El problema, en realidad, no estuvo tanto en la letra fina de las penas, sino en el impacto potencial de la norma. Y ahí, los gobernadores jugaron fuerte. Desde distintas provincias comenzaron a surgir advertencias: una ley demasiado amplia podría terminar generando un efecto contrario al buscado. Es decir, desalentar denuncias reales, sobre todo en casos sensibles como la violencia de género o familiar.
Con ese escenario, el Gobierno optó por bajar un cambio y abrir una instancia de negociación. No se trata de tirar todo por la borda, pero sí de ajustar lo necesario para que el proyecto tenga viabilidad política.

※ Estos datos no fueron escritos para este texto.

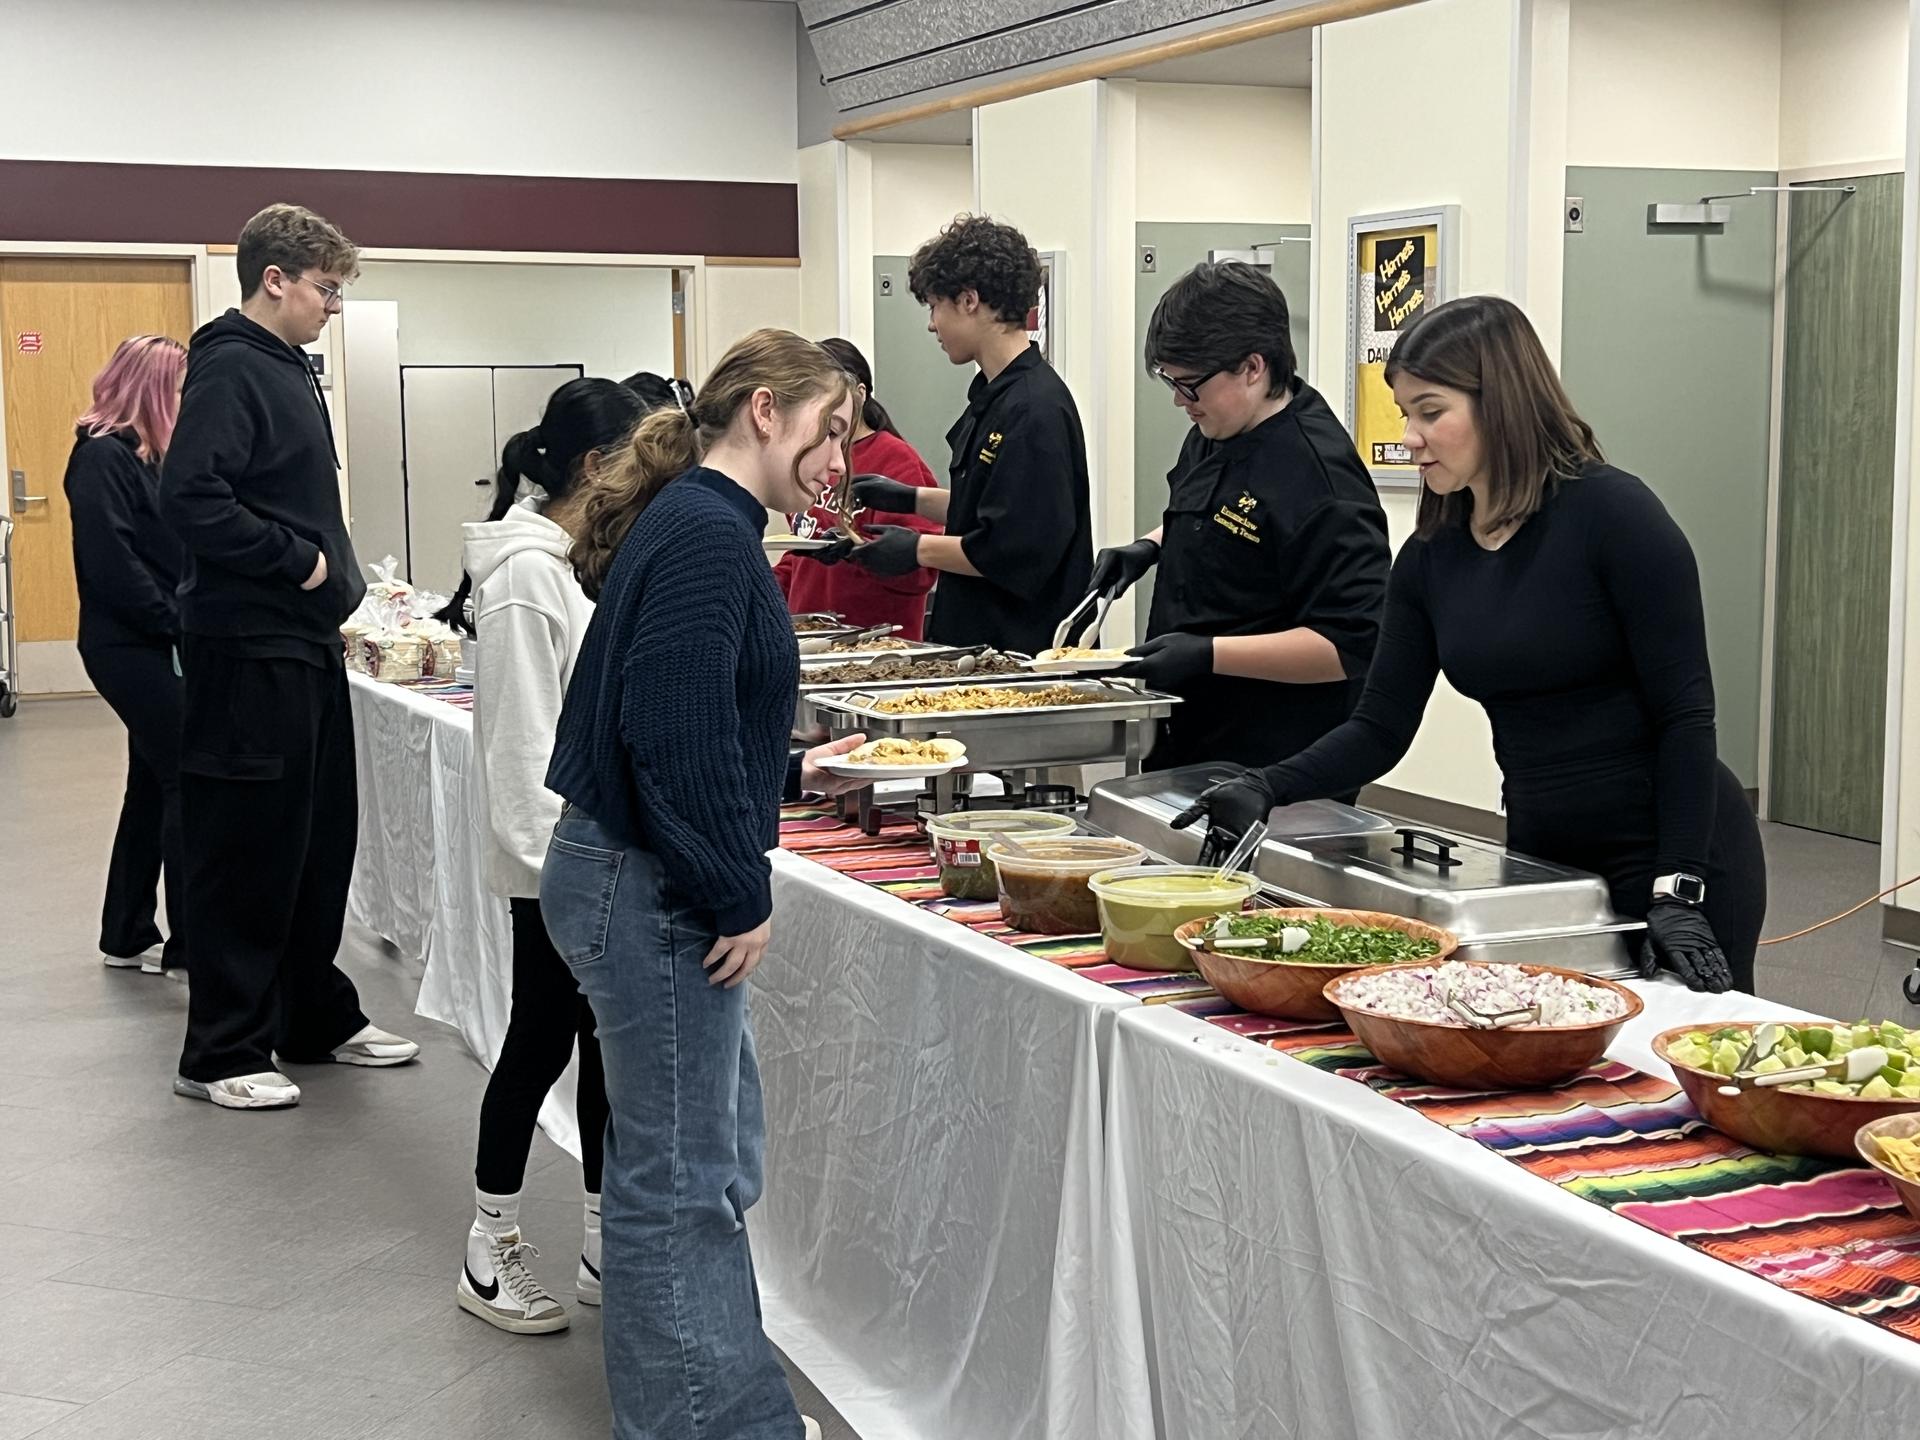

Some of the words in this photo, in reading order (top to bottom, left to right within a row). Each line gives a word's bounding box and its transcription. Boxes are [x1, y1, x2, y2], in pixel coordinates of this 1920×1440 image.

En otras palabras: afinar la redacción para evitar interpretaciones ambiguas.
Uno de los ejes clave de la reformulación es dejar en claro que solo serán punibles las denuncias con intención comprobada de mentir. Es decir, se busca trazar una línea bien definida entre una denuncia falsa y una que simplemente no puede probarse.

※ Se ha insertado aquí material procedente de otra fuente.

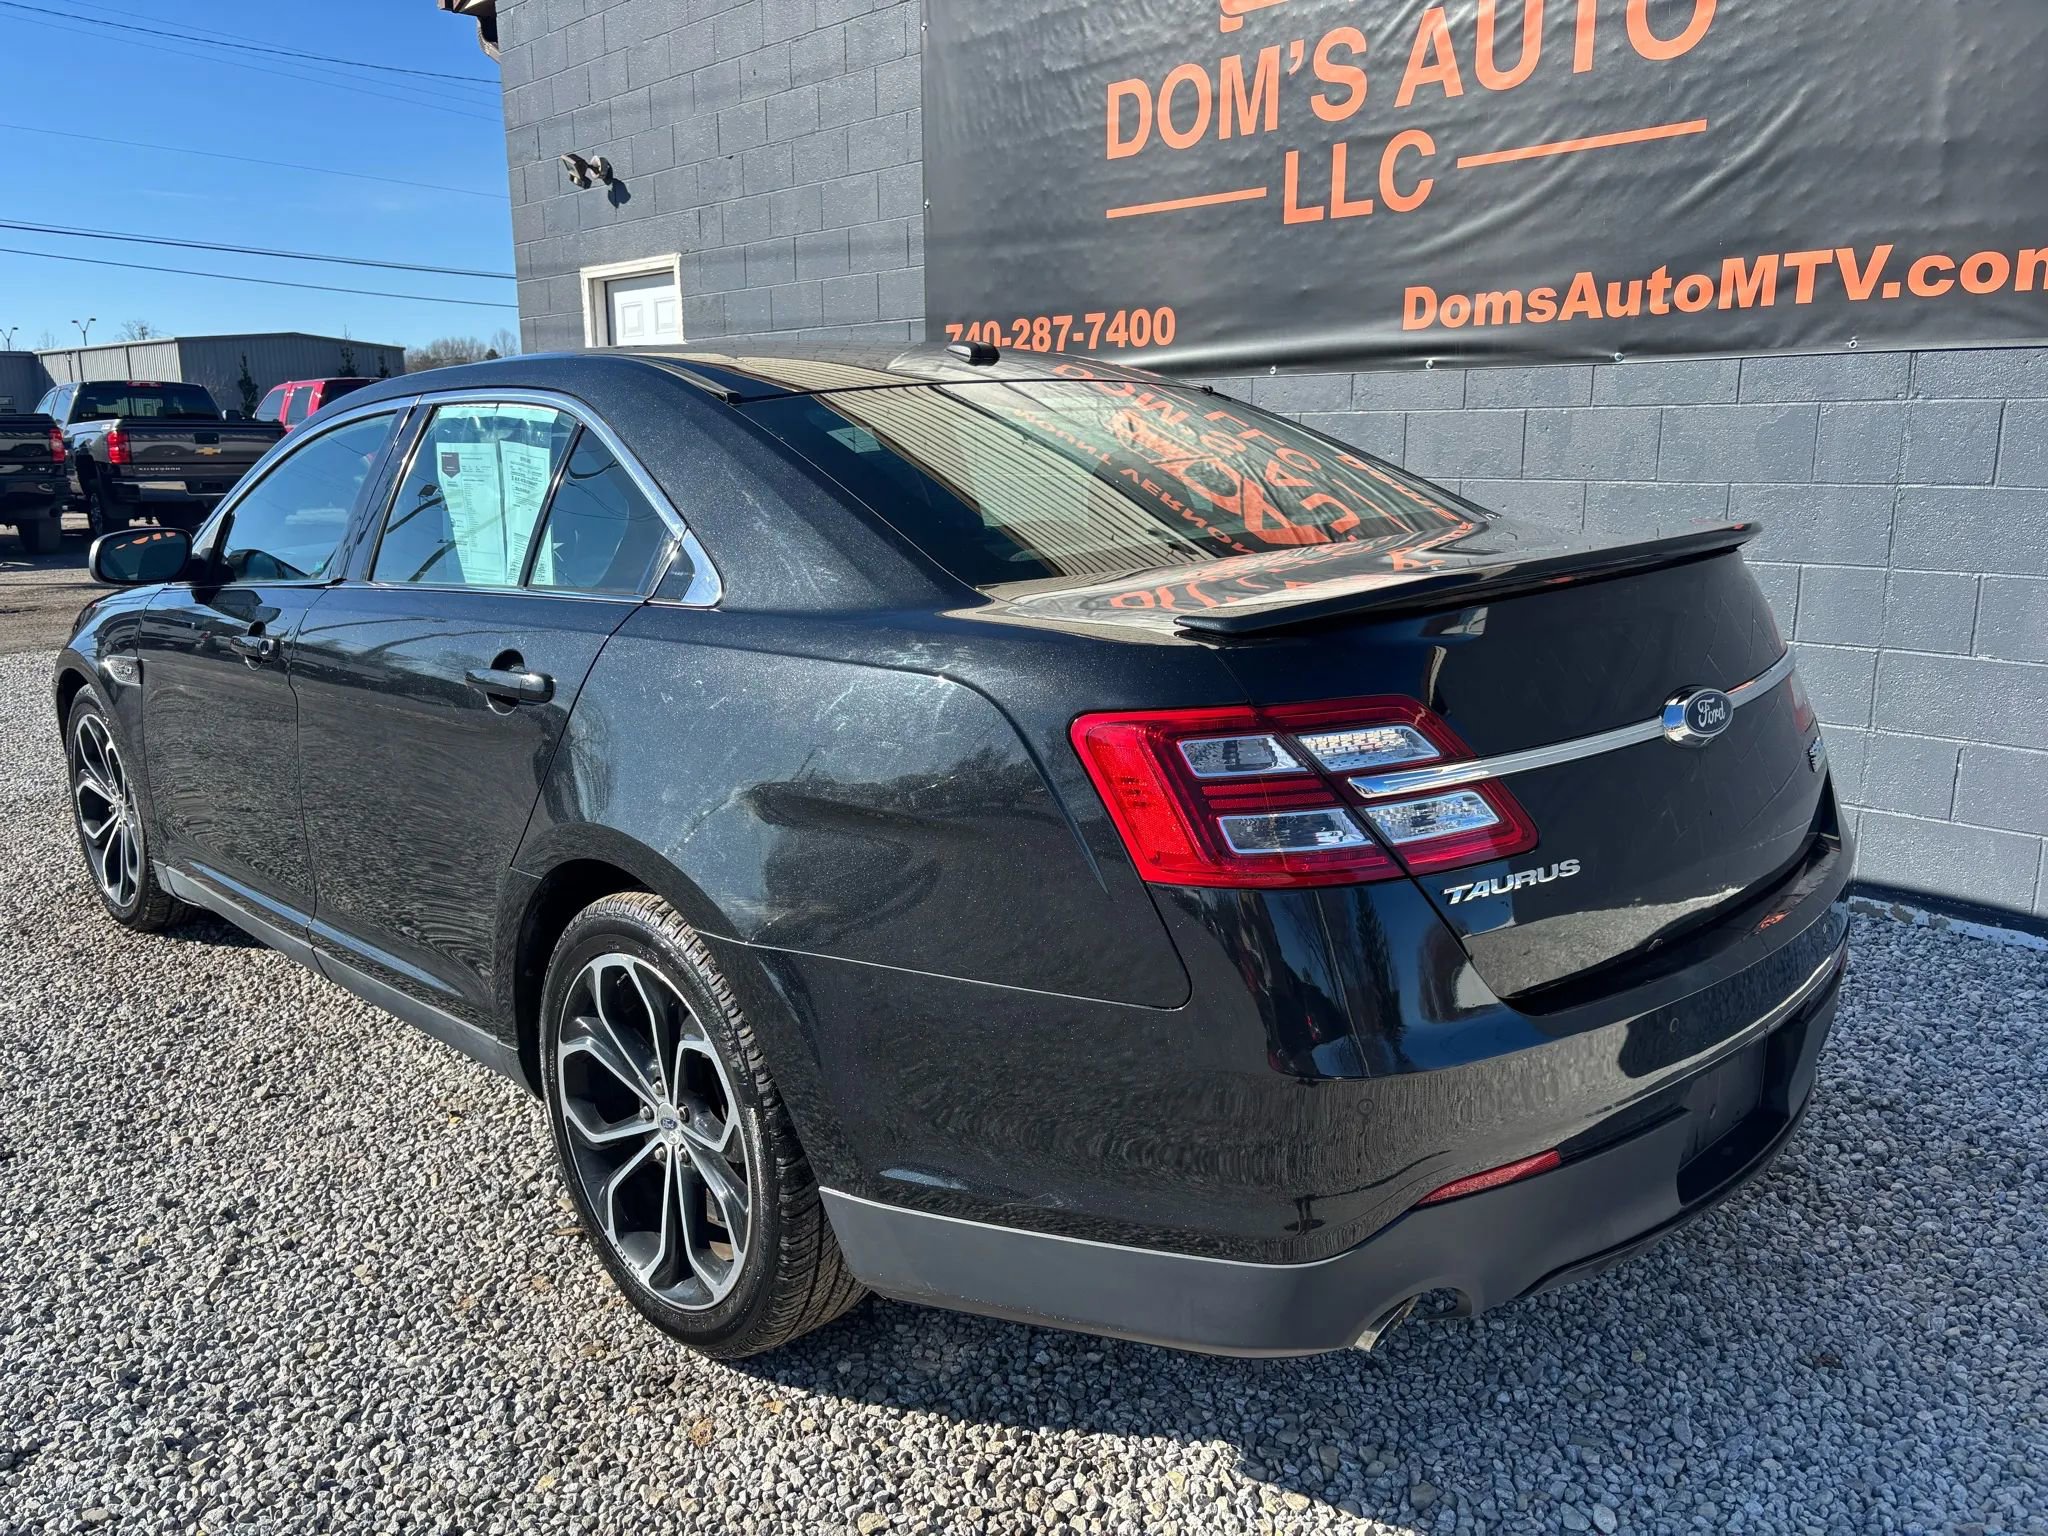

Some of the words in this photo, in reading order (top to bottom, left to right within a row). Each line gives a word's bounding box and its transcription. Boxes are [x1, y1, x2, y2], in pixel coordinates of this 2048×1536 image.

En paralelo, también se trabaja en incorporar salvaguardas específicas para los casos de violencia de género. Ahí es donde más fuerte aparece el riesgo de desaliento, y donde el oficialismo intenta mostrar sensibilidad frente a los cuestionamientos. La idea es clara: avanzar contra las denuncias falsas sin generar miedo a denunciar.
Aun así, el respaldo sigue siendo parcial. Algunos gobernadores valoran los cambios como un gesto de apertura, pero otros mantienen sus dudas. Por eso, el Gobierno insiste en un equilibrio que no es sencillo: endurecer las sanciones para los casos comprobados, sin cerrar la puerta a quienes necesitan acudir a la Justicia.